*** Opening RECORDS FOR THE TASK ***

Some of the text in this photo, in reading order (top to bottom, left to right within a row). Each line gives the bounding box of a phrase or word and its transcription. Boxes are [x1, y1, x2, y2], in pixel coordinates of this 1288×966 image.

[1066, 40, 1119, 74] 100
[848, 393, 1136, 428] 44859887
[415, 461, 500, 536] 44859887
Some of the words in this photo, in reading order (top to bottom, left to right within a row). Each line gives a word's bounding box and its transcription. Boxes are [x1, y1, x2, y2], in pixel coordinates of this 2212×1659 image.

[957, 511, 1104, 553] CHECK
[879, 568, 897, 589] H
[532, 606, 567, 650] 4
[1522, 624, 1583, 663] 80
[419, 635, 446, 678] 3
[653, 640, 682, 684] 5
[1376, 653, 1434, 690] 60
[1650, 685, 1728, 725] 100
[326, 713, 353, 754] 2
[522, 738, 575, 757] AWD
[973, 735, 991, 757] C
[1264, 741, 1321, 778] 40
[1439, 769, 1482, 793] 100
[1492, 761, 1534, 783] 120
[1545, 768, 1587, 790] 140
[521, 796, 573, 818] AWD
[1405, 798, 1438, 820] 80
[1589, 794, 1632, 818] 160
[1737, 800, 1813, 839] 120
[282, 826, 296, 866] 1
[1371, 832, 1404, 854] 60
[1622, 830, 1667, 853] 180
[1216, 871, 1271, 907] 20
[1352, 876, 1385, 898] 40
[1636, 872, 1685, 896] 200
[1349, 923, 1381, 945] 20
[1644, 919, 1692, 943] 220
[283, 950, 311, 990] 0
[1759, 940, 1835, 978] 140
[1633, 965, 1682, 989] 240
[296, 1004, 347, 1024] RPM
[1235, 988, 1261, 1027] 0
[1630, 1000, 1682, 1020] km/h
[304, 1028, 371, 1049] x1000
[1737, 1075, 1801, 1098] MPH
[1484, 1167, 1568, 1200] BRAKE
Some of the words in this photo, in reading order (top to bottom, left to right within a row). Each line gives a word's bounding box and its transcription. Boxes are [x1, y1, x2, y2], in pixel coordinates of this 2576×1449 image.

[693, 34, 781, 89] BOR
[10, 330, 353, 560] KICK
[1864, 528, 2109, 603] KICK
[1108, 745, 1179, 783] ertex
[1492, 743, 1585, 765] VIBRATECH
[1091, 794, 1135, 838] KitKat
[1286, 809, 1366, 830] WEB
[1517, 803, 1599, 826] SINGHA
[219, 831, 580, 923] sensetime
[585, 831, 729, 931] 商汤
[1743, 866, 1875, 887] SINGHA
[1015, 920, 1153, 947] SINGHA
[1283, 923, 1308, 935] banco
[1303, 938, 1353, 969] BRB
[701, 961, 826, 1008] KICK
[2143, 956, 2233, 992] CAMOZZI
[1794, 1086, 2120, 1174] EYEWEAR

*** Closing RECORDS FOR THE TASK ***

▶ _YOUR TASK_:
The reply is to be an exact repeat of the records above.

▶ _TASK ANSWER_:
Some of the text in this photo, in reading order (top to bottom, left to right within a row). Each line gives the bounding box of a phrase or word and its transcription. Boxes are [x1, y1, x2, y2], in pixel coordinates of this 1288×966 image.

[1066, 40, 1119, 74] 100
[848, 393, 1136, 428] 44859887
[415, 461, 500, 536] 44859887
Some of the words in this photo, in reading order (top to bottom, left to right within a row). Each line gives a word's bounding box and its transcription. Boxes are [x1, y1, x2, y2], in pixel coordinates of this 2212×1659 image.

[957, 511, 1104, 553] CHECK
[879, 568, 897, 589] H
[532, 606, 567, 650] 4
[1522, 624, 1583, 663] 80
[419, 635, 446, 678] 3
[653, 640, 682, 684] 5
[1376, 653, 1434, 690] 60
[1650, 685, 1728, 725] 100
[326, 713, 353, 754] 2
[522, 738, 575, 757] AWD
[973, 735, 991, 757] C
[1264, 741, 1321, 778] 40
[1439, 769, 1482, 793] 100
[1492, 761, 1534, 783] 120
[1545, 768, 1587, 790] 140
[521, 796, 573, 818] AWD
[1405, 798, 1438, 820] 80
[1589, 794, 1632, 818] 160
[1737, 800, 1813, 839] 120
[282, 826, 296, 866] 1
[1371, 832, 1404, 854] 60
[1622, 830, 1667, 853] 180
[1216, 871, 1271, 907] 20
[1352, 876, 1385, 898] 40
[1636, 872, 1685, 896] 200
[1349, 923, 1381, 945] 20
[1644, 919, 1692, 943] 220
[283, 950, 311, 990] 0
[1759, 940, 1835, 978] 140
[1633, 965, 1682, 989] 240
[296, 1004, 347, 1024] RPM
[1235, 988, 1261, 1027] 0
[1630, 1000, 1682, 1020] km/h
[304, 1028, 371, 1049] x1000
[1737, 1075, 1801, 1098] MPH
[1484, 1167, 1568, 1200] BRAKE
Some of the words in this photo, in reading order (top to bottom, left to right within a row). Each line gives a word's bounding box and its transcription. Boxes are [x1, y1, x2, y2], in pixel coordinates of this 2576×1449 image.

[693, 34, 781, 89] BOR
[10, 330, 353, 560] KICK
[1864, 528, 2109, 603] KICK
[1108, 745, 1179, 783] ertex
[1492, 743, 1585, 765] VIBRATECH
[1091, 794, 1135, 838] KitKat
[1286, 809, 1366, 830] WEB
[1517, 803, 1599, 826] SINGHA
[219, 831, 580, 923] sensetime
[585, 831, 729, 931] 商汤
[1743, 866, 1875, 887] SINGHA
[1015, 920, 1153, 947] SINGHA
[1283, 923, 1308, 935] banco
[1303, 938, 1353, 969] BRB
[701, 961, 826, 1008] KICK
[2143, 956, 2233, 992] CAMOZZI
[1794, 1086, 2120, 1174] EYEWEAR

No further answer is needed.